**WHAT YOU NEED TO DO**
Exactly reproduce the lines beginning with the line that includes "Some of the text" and ending with the last line of the data.

**Free-text object descriptions**
▼▼▼

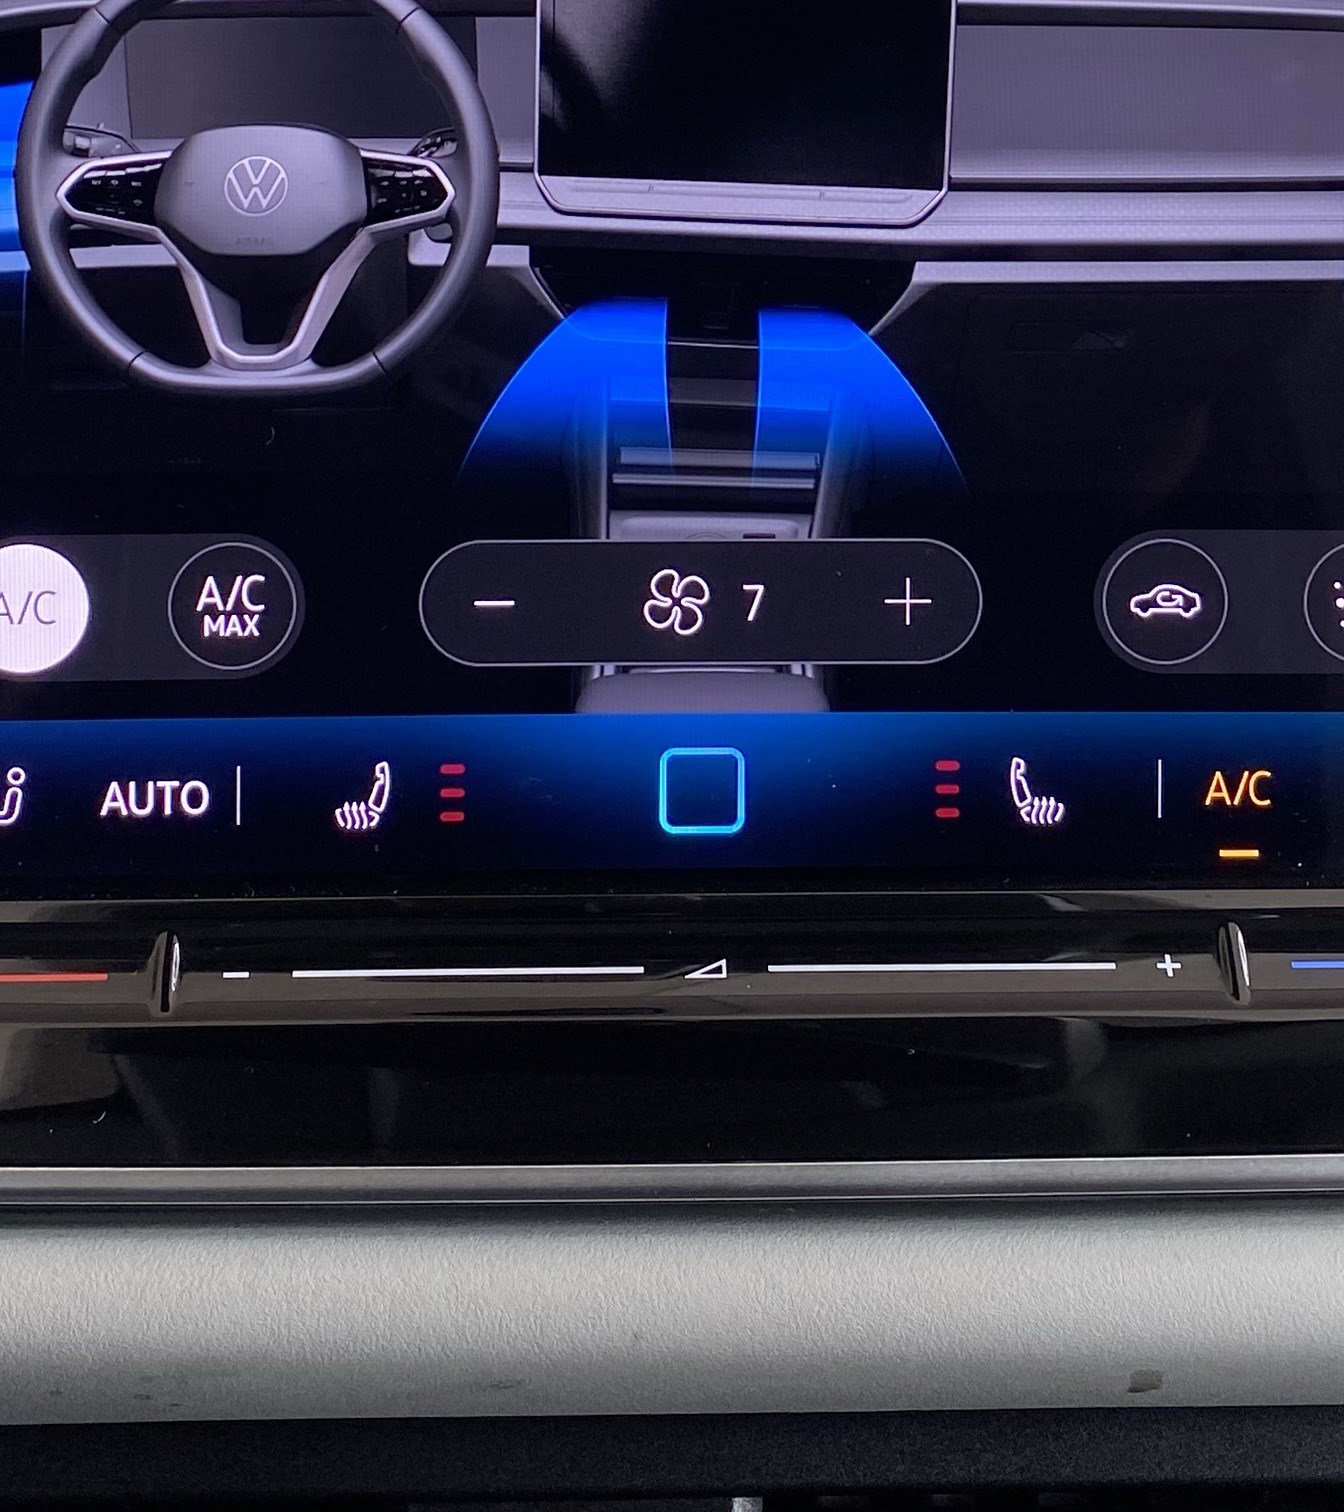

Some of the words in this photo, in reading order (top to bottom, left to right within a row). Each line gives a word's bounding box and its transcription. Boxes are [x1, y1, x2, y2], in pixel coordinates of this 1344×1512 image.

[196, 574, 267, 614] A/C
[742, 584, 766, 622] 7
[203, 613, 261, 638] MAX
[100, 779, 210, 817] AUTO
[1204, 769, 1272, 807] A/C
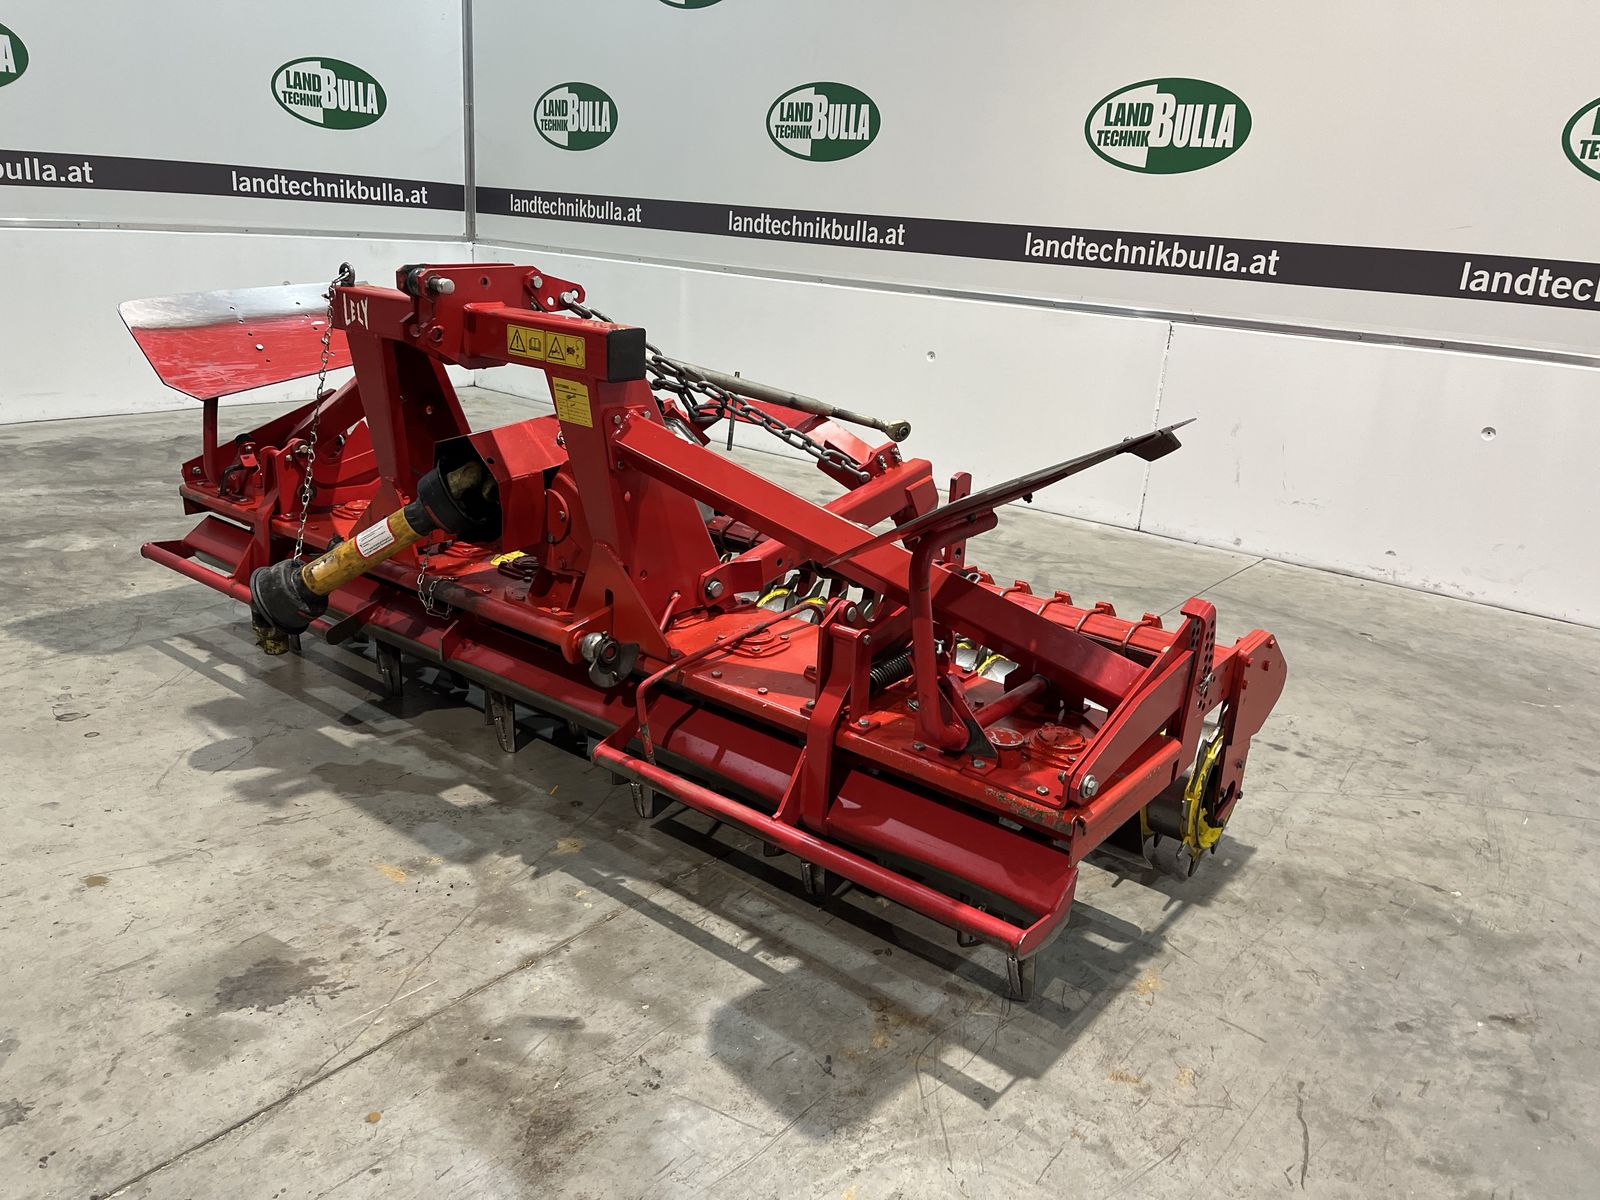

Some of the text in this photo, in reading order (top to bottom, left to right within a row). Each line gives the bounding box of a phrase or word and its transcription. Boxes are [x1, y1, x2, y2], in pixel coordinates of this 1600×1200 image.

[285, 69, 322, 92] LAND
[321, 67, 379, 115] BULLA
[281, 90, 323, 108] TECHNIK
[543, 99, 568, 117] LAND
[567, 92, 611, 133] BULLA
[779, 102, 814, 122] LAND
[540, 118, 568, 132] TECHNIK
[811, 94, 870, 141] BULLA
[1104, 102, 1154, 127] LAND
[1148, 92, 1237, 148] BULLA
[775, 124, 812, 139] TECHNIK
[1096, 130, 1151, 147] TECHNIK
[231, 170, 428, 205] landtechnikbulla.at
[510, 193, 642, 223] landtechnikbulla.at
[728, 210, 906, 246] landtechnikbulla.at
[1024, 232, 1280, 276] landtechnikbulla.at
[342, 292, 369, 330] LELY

▲▲▲

**RESULT OF THIS TASK**
Some of the text in this photo, in reading order (top to bottom, left to right within a row). Each line gives the bounding box of a phrase or word and its transcription. Boxes are [x1, y1, x2, y2], in pixel coordinates of this 1600×1200 image.

[285, 69, 322, 92] LAND
[321, 67, 379, 115] BULLA
[281, 90, 323, 108] TECHNIK
[543, 99, 568, 117] LAND
[567, 92, 611, 133] BULLA
[779, 102, 814, 122] LAND
[540, 118, 568, 132] TECHNIK
[811, 94, 870, 141] BULLA
[1104, 102, 1154, 127] LAND
[1148, 92, 1237, 148] BULLA
[775, 124, 812, 139] TECHNIK
[1096, 130, 1151, 147] TECHNIK
[231, 170, 428, 205] landtechnikbulla.at
[510, 193, 642, 223] landtechnikbulla.at
[728, 210, 906, 246] landtechnikbulla.at
[1024, 232, 1280, 276] landtechnikbulla.at
[342, 292, 369, 330] LELY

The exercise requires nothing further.